EXERCISE DESCRIPTION: I'd like the data below restated word for word, with the pictures left out.

DATA:
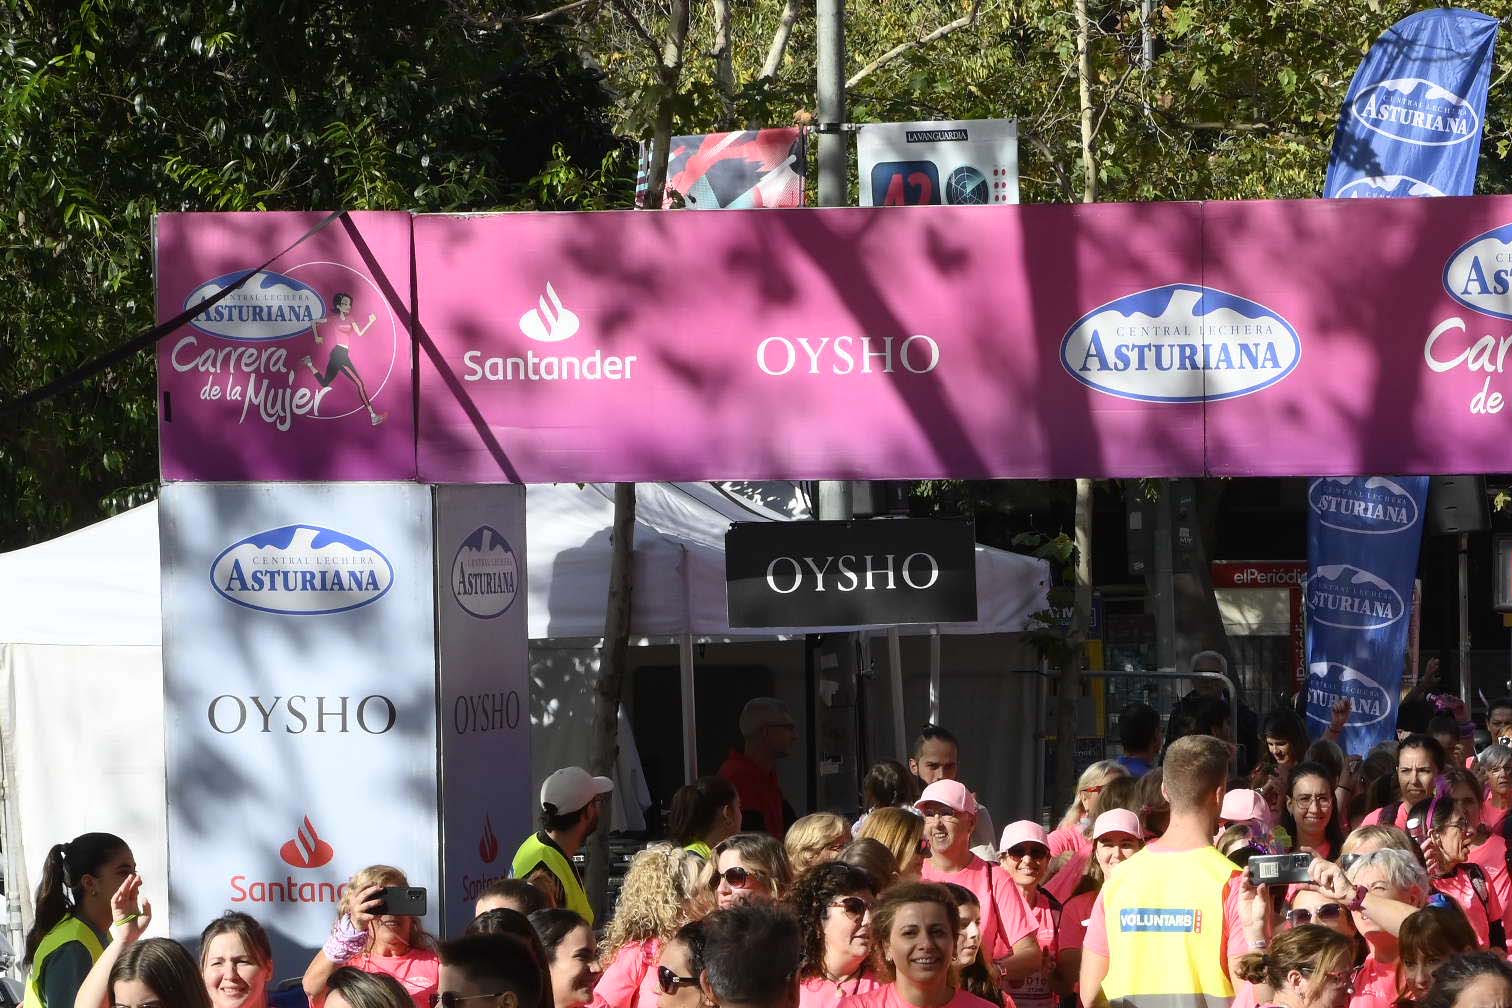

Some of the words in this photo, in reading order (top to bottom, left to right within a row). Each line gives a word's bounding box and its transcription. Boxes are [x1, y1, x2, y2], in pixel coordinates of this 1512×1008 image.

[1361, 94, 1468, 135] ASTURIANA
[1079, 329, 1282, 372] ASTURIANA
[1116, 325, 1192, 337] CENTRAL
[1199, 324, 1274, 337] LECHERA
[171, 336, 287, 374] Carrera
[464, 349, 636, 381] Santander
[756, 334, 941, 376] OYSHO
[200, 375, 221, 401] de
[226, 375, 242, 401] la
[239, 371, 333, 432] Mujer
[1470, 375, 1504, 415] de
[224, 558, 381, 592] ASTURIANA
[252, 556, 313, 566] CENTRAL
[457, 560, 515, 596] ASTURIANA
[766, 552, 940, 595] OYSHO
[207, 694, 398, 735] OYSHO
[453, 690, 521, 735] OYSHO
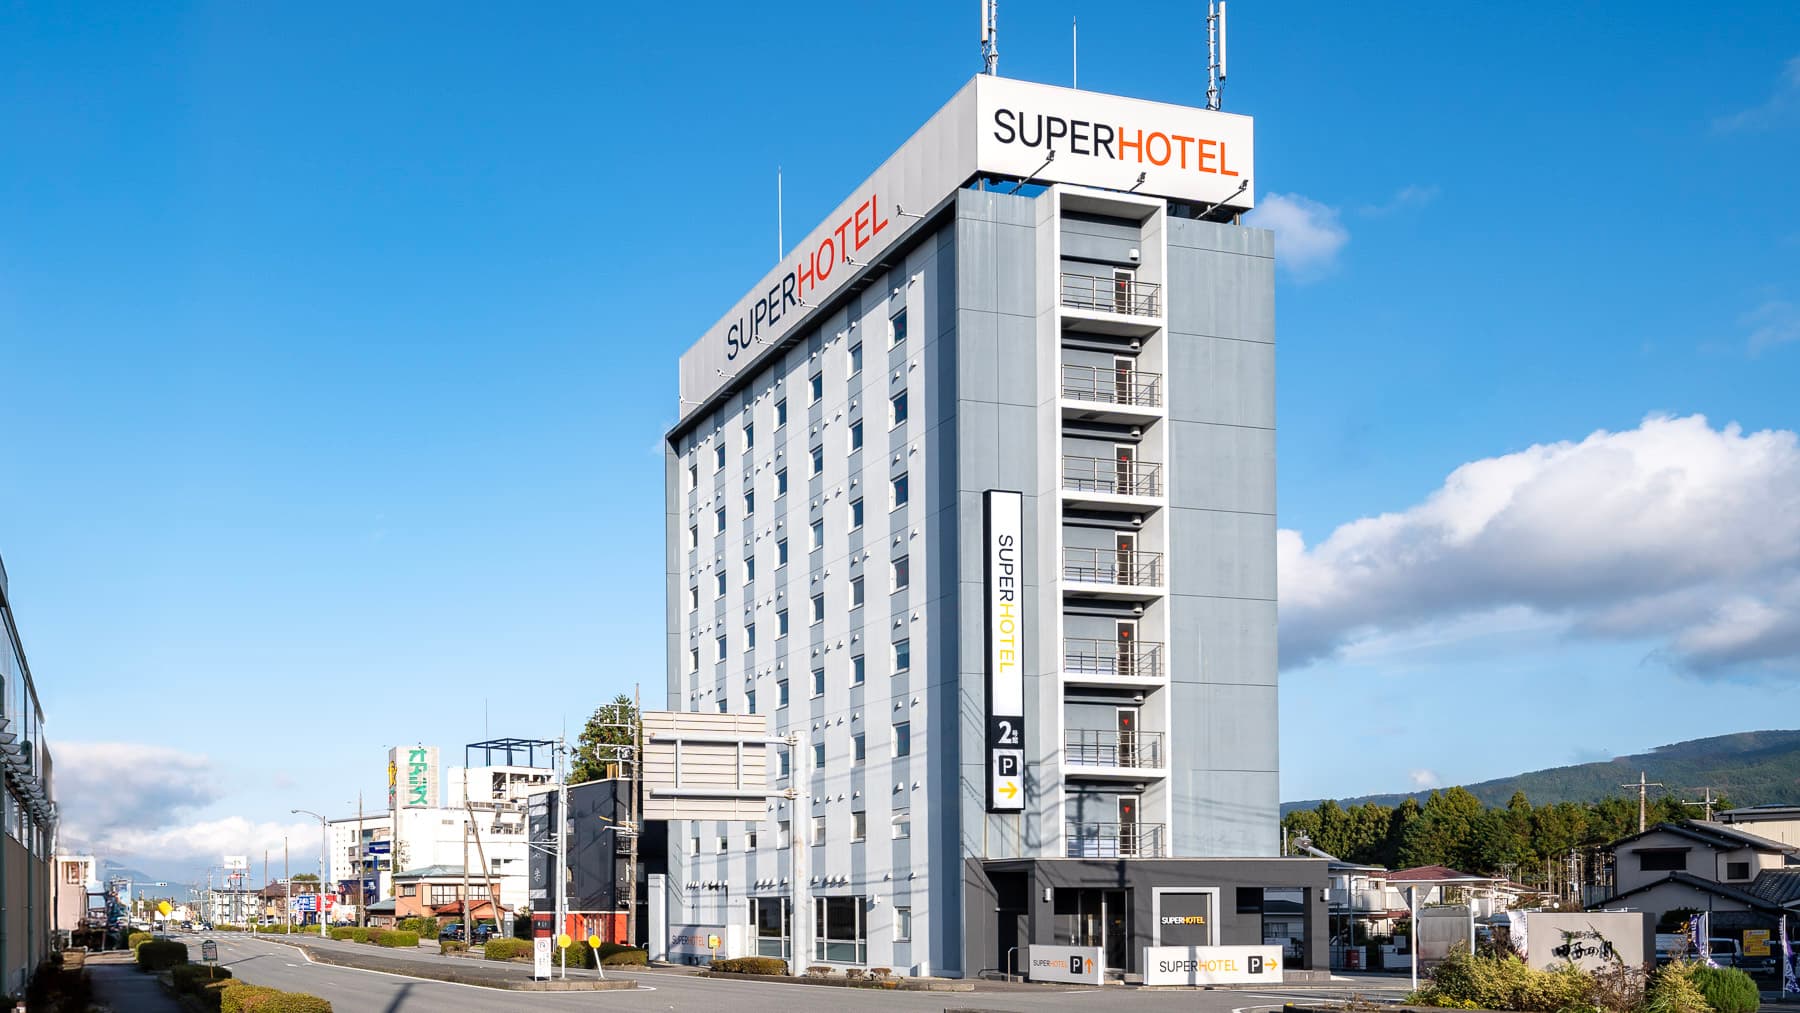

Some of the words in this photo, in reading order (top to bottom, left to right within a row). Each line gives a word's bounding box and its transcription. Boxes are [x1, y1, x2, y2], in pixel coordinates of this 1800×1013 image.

RESULT OF THIS TASK:
Some of the words in this photo, in reading order (top to bottom, left to right within a row). Each line gives a word's bounding box and its transcription. Boxes are [x1, y1, x2, y2], in pixel coordinates of this 1512×1008 image.

[1361, 94, 1468, 135] ASTURIANA
[1079, 329, 1282, 372] ASTURIANA
[1116, 325, 1192, 337] CENTRAL
[1199, 324, 1274, 337] LECHERA
[171, 336, 287, 374] Carrera
[464, 349, 636, 381] Santander
[756, 334, 941, 376] OYSHO
[200, 375, 221, 401] de
[226, 375, 242, 401] la
[239, 371, 333, 432] Mujer
[1470, 375, 1504, 415] de
[224, 558, 381, 592] ASTURIANA
[252, 556, 313, 566] CENTRAL
[457, 560, 515, 596] ASTURIANA
[766, 552, 940, 595] OYSHO
[207, 694, 398, 735] OYSHO
[453, 690, 521, 735] OYSHO

Some of the words in this photo, in reading order (top to bottom, left to right within a row). Each line gives a word's bounding box and its transcription. Boxes are [x1, y1, x2, y2], in pixel coordinates of this 1800×1013 image.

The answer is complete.